#### Your task:
Output all the records below, word for word.

#### Provided data:
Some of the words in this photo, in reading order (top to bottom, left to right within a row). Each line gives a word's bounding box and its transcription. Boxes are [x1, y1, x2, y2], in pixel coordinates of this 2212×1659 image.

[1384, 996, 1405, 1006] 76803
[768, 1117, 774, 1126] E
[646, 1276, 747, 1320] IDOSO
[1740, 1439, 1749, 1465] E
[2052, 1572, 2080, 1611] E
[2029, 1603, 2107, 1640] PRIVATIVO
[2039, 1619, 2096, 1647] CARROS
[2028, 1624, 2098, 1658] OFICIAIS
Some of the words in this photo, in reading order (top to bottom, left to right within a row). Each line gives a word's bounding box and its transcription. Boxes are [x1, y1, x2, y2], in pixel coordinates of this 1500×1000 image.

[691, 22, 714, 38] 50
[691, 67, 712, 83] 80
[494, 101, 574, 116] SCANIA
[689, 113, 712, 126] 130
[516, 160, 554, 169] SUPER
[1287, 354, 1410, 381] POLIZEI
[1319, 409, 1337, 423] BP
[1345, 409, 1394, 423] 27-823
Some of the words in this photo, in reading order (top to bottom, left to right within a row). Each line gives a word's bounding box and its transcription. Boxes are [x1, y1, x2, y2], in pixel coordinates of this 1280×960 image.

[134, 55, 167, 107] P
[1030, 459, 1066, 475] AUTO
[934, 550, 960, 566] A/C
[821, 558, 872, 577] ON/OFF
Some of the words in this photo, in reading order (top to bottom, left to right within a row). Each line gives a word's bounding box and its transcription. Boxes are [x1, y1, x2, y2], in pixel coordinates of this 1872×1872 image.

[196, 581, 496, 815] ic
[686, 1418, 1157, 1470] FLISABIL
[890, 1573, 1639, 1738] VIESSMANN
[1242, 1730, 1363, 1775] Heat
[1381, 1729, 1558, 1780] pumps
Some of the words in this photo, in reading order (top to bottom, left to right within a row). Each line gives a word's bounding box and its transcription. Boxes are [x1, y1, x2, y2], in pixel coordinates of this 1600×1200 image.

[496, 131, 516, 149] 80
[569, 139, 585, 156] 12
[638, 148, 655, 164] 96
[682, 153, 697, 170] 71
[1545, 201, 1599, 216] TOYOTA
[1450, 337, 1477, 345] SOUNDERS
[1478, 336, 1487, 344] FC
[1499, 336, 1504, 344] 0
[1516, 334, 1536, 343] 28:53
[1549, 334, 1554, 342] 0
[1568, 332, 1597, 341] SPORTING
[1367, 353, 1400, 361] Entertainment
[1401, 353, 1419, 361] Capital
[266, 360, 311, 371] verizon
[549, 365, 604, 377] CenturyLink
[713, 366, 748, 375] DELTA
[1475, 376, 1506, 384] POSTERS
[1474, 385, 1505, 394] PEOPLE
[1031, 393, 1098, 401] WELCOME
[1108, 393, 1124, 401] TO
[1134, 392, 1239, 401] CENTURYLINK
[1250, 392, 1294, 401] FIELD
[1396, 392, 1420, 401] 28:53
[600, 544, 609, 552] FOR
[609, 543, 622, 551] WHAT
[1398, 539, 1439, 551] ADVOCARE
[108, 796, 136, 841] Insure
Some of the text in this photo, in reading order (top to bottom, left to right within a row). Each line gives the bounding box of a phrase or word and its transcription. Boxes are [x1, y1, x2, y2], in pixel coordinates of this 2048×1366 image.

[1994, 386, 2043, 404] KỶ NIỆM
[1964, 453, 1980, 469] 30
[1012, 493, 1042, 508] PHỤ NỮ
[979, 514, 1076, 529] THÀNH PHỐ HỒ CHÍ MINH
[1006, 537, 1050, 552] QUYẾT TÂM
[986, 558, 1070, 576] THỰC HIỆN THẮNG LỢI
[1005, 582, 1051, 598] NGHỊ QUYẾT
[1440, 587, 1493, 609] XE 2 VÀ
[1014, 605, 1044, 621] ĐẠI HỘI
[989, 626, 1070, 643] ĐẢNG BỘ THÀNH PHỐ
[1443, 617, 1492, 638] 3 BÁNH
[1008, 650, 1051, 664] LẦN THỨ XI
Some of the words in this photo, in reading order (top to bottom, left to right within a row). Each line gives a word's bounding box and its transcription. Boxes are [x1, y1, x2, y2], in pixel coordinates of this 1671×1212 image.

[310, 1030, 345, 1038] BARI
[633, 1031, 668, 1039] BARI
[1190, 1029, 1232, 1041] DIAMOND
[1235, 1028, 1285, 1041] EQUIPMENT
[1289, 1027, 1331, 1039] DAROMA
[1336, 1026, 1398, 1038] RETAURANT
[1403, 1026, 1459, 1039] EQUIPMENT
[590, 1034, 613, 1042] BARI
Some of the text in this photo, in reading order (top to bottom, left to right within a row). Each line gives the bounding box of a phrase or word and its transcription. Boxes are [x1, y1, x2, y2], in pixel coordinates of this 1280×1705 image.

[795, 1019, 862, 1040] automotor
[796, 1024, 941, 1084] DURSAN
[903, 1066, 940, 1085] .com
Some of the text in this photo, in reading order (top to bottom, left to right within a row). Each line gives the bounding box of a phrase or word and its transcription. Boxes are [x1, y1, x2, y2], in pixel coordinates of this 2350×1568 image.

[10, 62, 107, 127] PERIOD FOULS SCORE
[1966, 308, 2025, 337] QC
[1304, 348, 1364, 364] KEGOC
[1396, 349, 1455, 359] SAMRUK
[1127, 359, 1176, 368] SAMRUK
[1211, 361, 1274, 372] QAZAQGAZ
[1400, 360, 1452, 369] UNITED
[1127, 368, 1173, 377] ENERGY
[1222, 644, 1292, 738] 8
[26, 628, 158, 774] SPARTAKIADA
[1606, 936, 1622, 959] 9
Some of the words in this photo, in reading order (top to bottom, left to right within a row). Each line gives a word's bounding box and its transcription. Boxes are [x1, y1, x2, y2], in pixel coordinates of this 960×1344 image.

#### Exercise output:
Some of the words in this photo, in reading order (top to bottom, left to right within a row). Each line gives a word's bounding box and its transcription. Boxes are [x1, y1, x2, y2], in pixel coordinates of this 2212×1659 image.

[1384, 996, 1405, 1006] 76803
[768, 1117, 774, 1126] E
[646, 1276, 747, 1320] IDOSO
[1740, 1439, 1749, 1465] E
[2052, 1572, 2080, 1611] E
[2029, 1603, 2107, 1640] PRIVATIVO
[2039, 1619, 2096, 1647] CARROS
[2028, 1624, 2098, 1658] OFICIAIS
Some of the words in this photo, in reading order (top to bottom, left to right within a row). Each line gives a word's bounding box and its transcription. Boxes are [x1, y1, x2, y2], in pixel coordinates of this 1500×1000 image.

[691, 22, 714, 38] 50
[691, 67, 712, 83] 80
[494, 101, 574, 116] SCANIA
[689, 113, 712, 126] 130
[516, 160, 554, 169] SUPER
[1287, 354, 1410, 381] POLIZEI
[1319, 409, 1337, 423] BP
[1345, 409, 1394, 423] 27-823
Some of the words in this photo, in reading order (top to bottom, left to right within a row). Each line gives a word's bounding box and its transcription. Boxes are [x1, y1, x2, y2], in pixel coordinates of this 1280×960 image.

[134, 55, 167, 107] P
[1030, 459, 1066, 475] AUTO
[934, 550, 960, 566] A/C
[821, 558, 872, 577] ON/OFF
Some of the words in this photo, in reading order (top to bottom, left to right within a row). Each line gives a word's bounding box and its transcription. Boxes are [x1, y1, x2, y2], in pixel coordinates of this 1872×1872 image.

[196, 581, 496, 815] ic
[686, 1418, 1157, 1470] FLISABIL
[890, 1573, 1639, 1738] VIESSMANN
[1242, 1730, 1363, 1775] Heat
[1381, 1729, 1558, 1780] pumps
Some of the words in this photo, in reading order (top to bottom, left to right within a row). Each line gives a word's bounding box and its transcription. Boxes are [x1, y1, x2, y2], in pixel coordinates of this 1600×1200 image.

[496, 131, 516, 149] 80
[569, 139, 585, 156] 12
[638, 148, 655, 164] 96
[682, 153, 697, 170] 71
[1545, 201, 1599, 216] TOYOTA
[1450, 337, 1477, 345] SOUNDERS
[1478, 336, 1487, 344] FC
[1499, 336, 1504, 344] 0
[1516, 334, 1536, 343] 28:53
[1549, 334, 1554, 342] 0
[1568, 332, 1597, 341] SPORTING
[1367, 353, 1400, 361] Entertainment
[1401, 353, 1419, 361] Capital
[266, 360, 311, 371] verizon
[549, 365, 604, 377] CenturyLink
[713, 366, 748, 375] DELTA
[1475, 376, 1506, 384] POSTERS
[1474, 385, 1505, 394] PEOPLE
[1031, 393, 1098, 401] WELCOME
[1108, 393, 1124, 401] TO
[1134, 392, 1239, 401] CENTURYLINK
[1250, 392, 1294, 401] FIELD
[1396, 392, 1420, 401] 28:53
[600, 544, 609, 552] FOR
[609, 543, 622, 551] WHAT
[1398, 539, 1439, 551] ADVOCARE
[108, 796, 136, 841] Insure
Some of the text in this photo, in reading order (top to bottom, left to right within a row). Each line gives the bounding box of a phrase or word and its transcription. Boxes are [x1, y1, x2, y2], in pixel coordinates of this 2048×1366 image.

[1994, 386, 2043, 404] KỶ NIỆM
[1964, 453, 1980, 469] 30
[1012, 493, 1042, 508] PHỤ NỮ
[979, 514, 1076, 529] THÀNH PHỐ HỒ CHÍ MINH
[1006, 537, 1050, 552] QUYẾT TÂM
[986, 558, 1070, 576] THỰC HIỆN THẮNG LỢI
[1005, 582, 1051, 598] NGHỊ QUYẾT
[1440, 587, 1493, 609] XE 2 VÀ
[1014, 605, 1044, 621] ĐẠI HỘI
[989, 626, 1070, 643] ĐẢNG BỘ THÀNH PHỐ
[1443, 617, 1492, 638] 3 BÁNH
[1008, 650, 1051, 664] LẦN THỨ XI
Some of the words in this photo, in reading order (top to bottom, left to right within a row). Each line gives a word's bounding box and its transcription. Boxes are [x1, y1, x2, y2], in pixel coordinates of this 1671×1212 image.

[310, 1030, 345, 1038] BARI
[633, 1031, 668, 1039] BARI
[1190, 1029, 1232, 1041] DIAMOND
[1235, 1028, 1285, 1041] EQUIPMENT
[1289, 1027, 1331, 1039] DAROMA
[1336, 1026, 1398, 1038] RETAURANT
[1403, 1026, 1459, 1039] EQUIPMENT
[590, 1034, 613, 1042] BARI
Some of the text in this photo, in reading order (top to bottom, left to right within a row). Each line gives the bounding box of a phrase or word and its transcription. Boxes are [x1, y1, x2, y2], in pixel coordinates of this 1280×1705 image.

[795, 1019, 862, 1040] automotor
[796, 1024, 941, 1084] DURSAN
[903, 1066, 940, 1085] .com
Some of the text in this photo, in reading order (top to bottom, left to right within a row). Each line gives the bounding box of a phrase or word and its transcription. Boxes are [x1, y1, x2, y2], in pixel coordinates of this 2350×1568 image.

[10, 62, 107, 127] PERIOD FOULS SCORE
[1966, 308, 2025, 337] QC
[1304, 348, 1364, 364] KEGOC
[1396, 349, 1455, 359] SAMRUK
[1127, 359, 1176, 368] SAMRUK
[1211, 361, 1274, 372] QAZAQGAZ
[1400, 360, 1452, 369] UNITED
[1127, 368, 1173, 377] ENERGY
[1222, 644, 1292, 738] 8
[26, 628, 158, 774] SPARTAKIADA
[1606, 936, 1622, 959] 9
Some of the words in this photo, in reading order (top to bottom, left to right within a row). Each line gives a word's bounding box and its transcription. Boxes are [x1, y1, x2, y2], in pixel coordinates of this 960×1344 image.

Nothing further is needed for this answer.